The BAT mask weighted light curve shows a flat peak from T-40, when the source
came into the BAT field of view, until T+963, at the end of the event data. The
source was already in outburst when the observations started. Data from the
Swift/BAT transient monitor show activity from the source beginning at 15 July
2014, 19:38:37 UT (96 minutes before the trigger) and continuing until 16 July
2014, 00:48:37 UT. There was no detection in an observation starting at
starting at 01:58 UT on July 16. The peak rate in the monitor (15-50 keV) is
0.03 ± 0.004 ct/s/cm^2 (~135 mCrab).
The XRT observations consist of a total of 6.0 ks of Windowed Timing mode data.
The XRT light curve can be modeled with a broken power-law, with an initial
shallow decay with index alpha1 = 0.06 (+/-0.02) followed by a steeper decay
after a break at T0+4.3 ks with an index alpha1 = 0.92 (+/-0.01)
The XRT spectrum can be fitted with an absorbed two APEC model, with
temperatures kT1 = 1.66 (+0.04, -0.05) keV and kT2 = 7.84 (+/-0.20) keV and a
best-fitting absorption column of 3.8 (+/-0.1) x 10^20 cm^-2. The observed
(unabsorbed) 0.3-10 keV flux is 4.37 x 10^-9 (4.51 x 10^-9) erg cm^-2 s^-1. The
temperatures are consistent with what is expected for a large flare from this
type of source. The column density to UX Ari (based on EUVE and other soft
X-ray observations) is typically a few times 10^18 cm^-2, so the column derived
from the flare spectrum, if real, would imply a major associated coronal mass
ejection.
UX Ari is too bright for UVOT aperture photometry, and during the flare
initially exceeded the brightness limits for using UVOT readout streak
photometry (Page et al, 2013, MNRAS Vol. 436, p. 1684.). The lower limits to the
flare brightness exceeded uvw2 < 8.80, uvm2 < 8.27, uvw1 < 8.86. On 2014-07-15
at 22:50 UT the uvm2 magnitude had faded within the observable range, with
uvm2=8.46+/-0.13, while on 2014-07-16 at 1:43UT the magnitude was uvm2=9.64+/-0.24.

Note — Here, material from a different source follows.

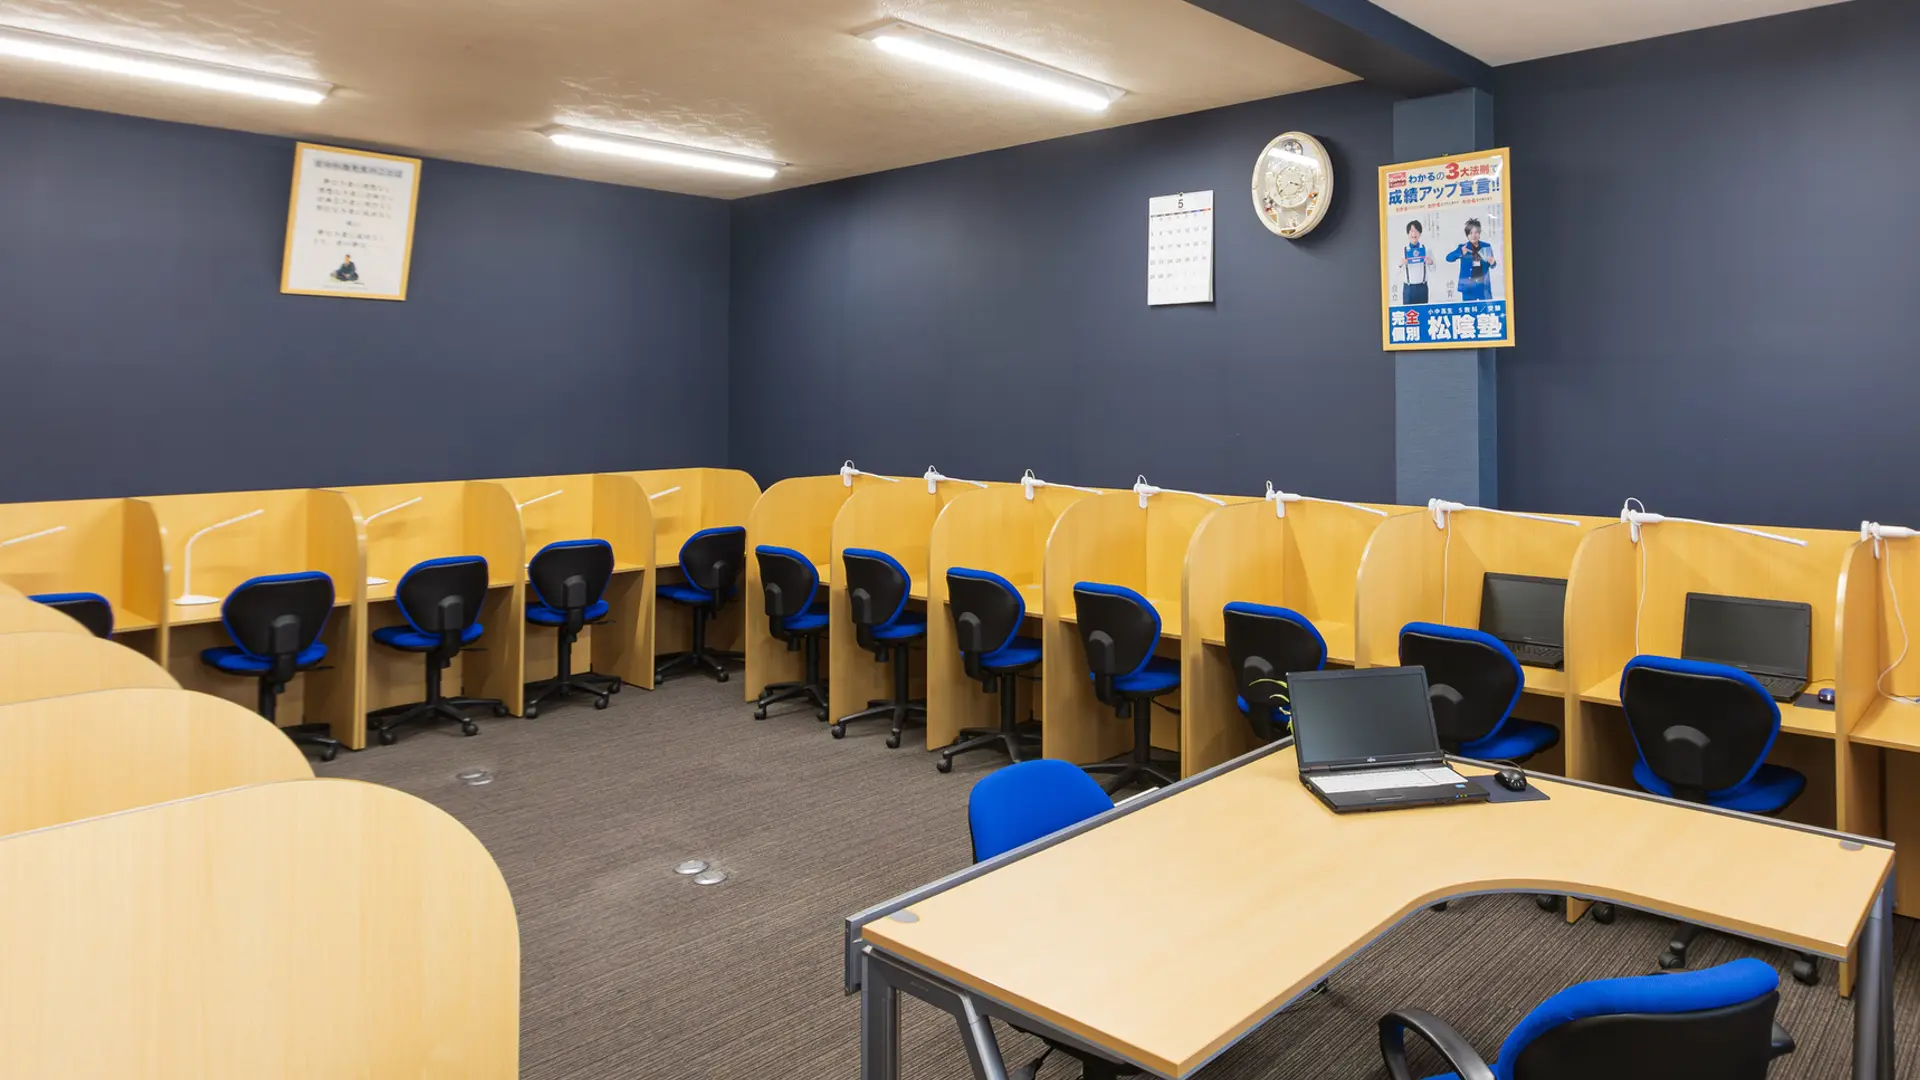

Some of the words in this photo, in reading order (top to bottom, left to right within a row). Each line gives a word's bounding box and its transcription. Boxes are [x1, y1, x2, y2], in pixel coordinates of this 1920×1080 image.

[1178, 199, 1183, 208] 5
[1428, 313, 1502, 340] 松陰塾

We note that the recent flare was also detected by MAXI (Kawagoe et al., ATel
#6315). This source has been detected several times earlier in the BAT as
reported by Krimm et al. (ATel #5907), the most recent being in mid-February
2014. The only other on board trigger was on 7 January 2012, reaching a peak of
0.013 ± 0.002 ct/s/cm^2 (~60 mCrab).
We note that this Notice has also been posted as ATel #6319.